This is one of the new parking meters in Walnut Creek, California.
We hates it, precious.
I probably stood in front of the new meter a full five minutes, staring at it’s confusing, intimidating face, pushing buttons and trying to interpret the inscrutable instructions that flashed across its screen. This was in service of making certain that I had paid for the full two hours allowable, which I knew I needed. Payment had to be by credit card of course. The simple days of feeding a meter are gone – at least in Walnut Creek.
I returned not one minute late…to discover… a $45 parking ticket and a notice that the meter had expired one hour earlier. Was. Not. Pleased.
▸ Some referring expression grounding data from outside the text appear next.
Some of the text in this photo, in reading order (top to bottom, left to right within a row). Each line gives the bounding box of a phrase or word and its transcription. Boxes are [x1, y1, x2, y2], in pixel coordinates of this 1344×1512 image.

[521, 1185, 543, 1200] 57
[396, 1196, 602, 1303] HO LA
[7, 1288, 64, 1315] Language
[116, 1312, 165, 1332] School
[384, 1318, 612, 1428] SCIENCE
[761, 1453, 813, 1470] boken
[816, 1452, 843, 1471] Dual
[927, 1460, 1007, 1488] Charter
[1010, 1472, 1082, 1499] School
While I was contemplating protesting the ticket, because I really had tried to pay, I managed to misplace it and had to call the city parking authority to pay. Somehow this took the wind out of my “protest” sails. (Naturally, they charged me an additional $2.50 for paying by phone.)
The world has changed under me in ways I could never have foreseen, and even for those more at ease with the digital revolution, there are dehumanizing impacts. Machines control more and more of our interaction with the world, and they create a certain mindset – one that is very focused on end-products and outcomes. This will let us down.
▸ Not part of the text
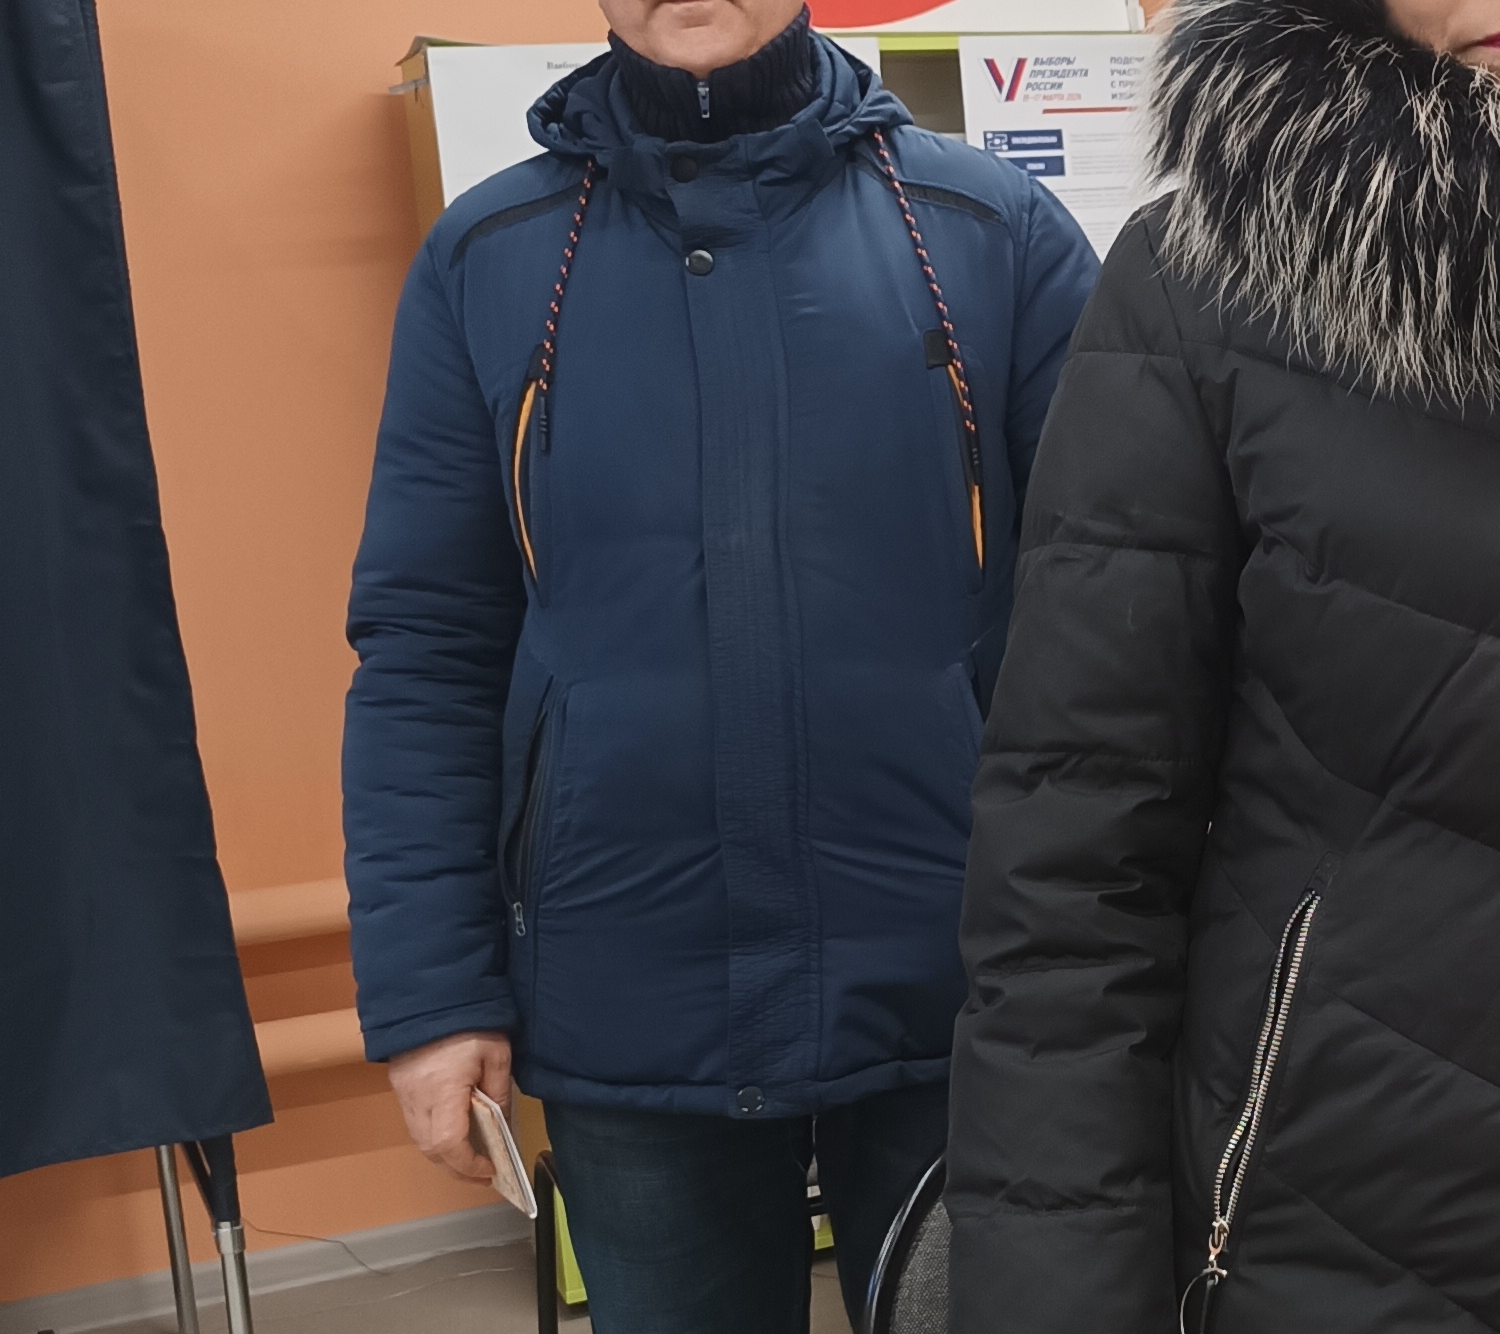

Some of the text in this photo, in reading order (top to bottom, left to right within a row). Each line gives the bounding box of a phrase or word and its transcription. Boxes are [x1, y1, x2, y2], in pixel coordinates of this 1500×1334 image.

[1033, 56, 1076, 66] ВЫБОРЫ
[1029, 68, 1088, 78] ПРЕЗИДЕНТА
[1025, 82, 1063, 91] РОССИИ
There is a strong tendency for this focus to reinforce what is already often our sole objective in any problem solving or conflict resolution we are involved in: to push for the result we want.
But the results/outcome based focus will derail us.
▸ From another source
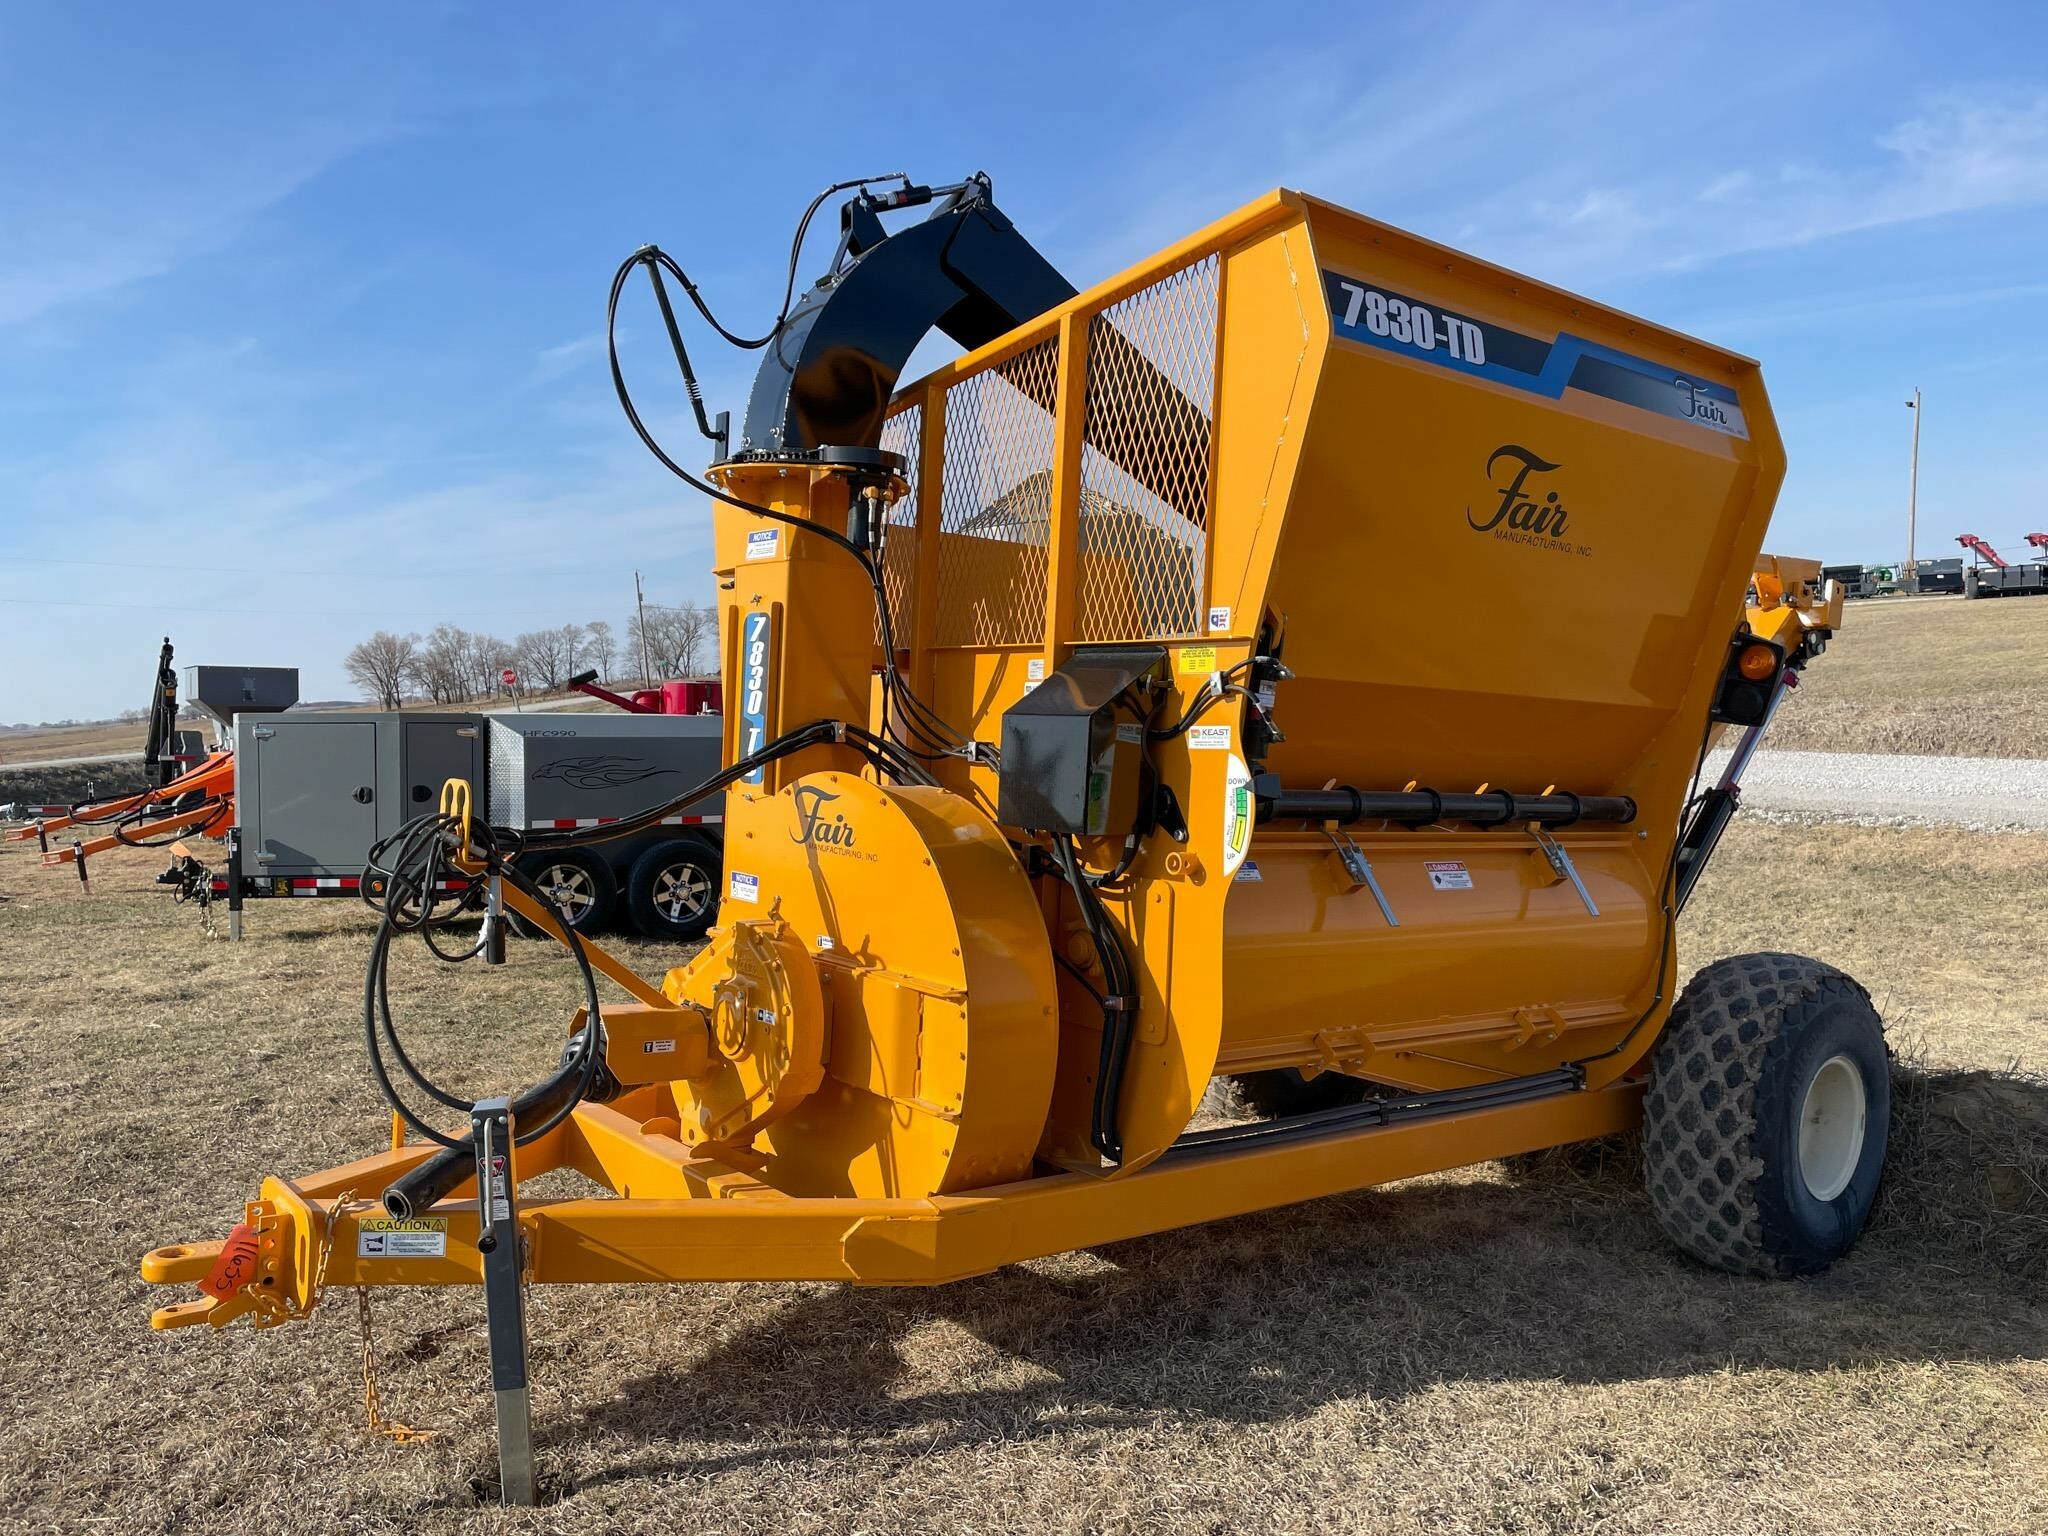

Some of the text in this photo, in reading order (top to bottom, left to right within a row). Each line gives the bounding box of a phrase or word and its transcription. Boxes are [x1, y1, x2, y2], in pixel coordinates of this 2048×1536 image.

It will interfere with a nuanced, shared examination of the situation.
It will short-circuit the process, driving us farther away from finding the best solution.
It will diminish the depth, complexity and warmth of our relationships, making it harder to connect now and later.
We need to resist the “machine-like” way of interacting with life.
Can we set aside the problem and focus on what matters to one another? Can we stay with that until we can both say that we understand what matters to the other – and that we feel cared about?
This is the mindset we need to bring to finding solutions that will truly benefit everyone who is a stakeholder. If we can get there together, new doors will open.
When I called the Walnut Creek Parking Authority, I tried to have some human connection with the person I spoke to. I asked if he would be able to pass on the word that some of us, at least, find the new meters very un-user-friendly.
He said he had nothing to do with that and suggested that I contact City Hall.
I stayed with it. I said I would just appreciate it if he could pass on my concern. I said that I understood that he had a lot of work to do, and that this was not his job, but I would be grateful nevertheless. His voice softened, and he said he understood and would do that.
It was a minor victory, but one that felt as though it was almost worth $47.50.
Let’s not treat people like the machines proliferating around us
What we can do in the face of any kind of dehumanizing experience is bring our own warmth and humanity into the situation. If person-to-person interaction is happening, we always have that choice. It automatically invites others forward.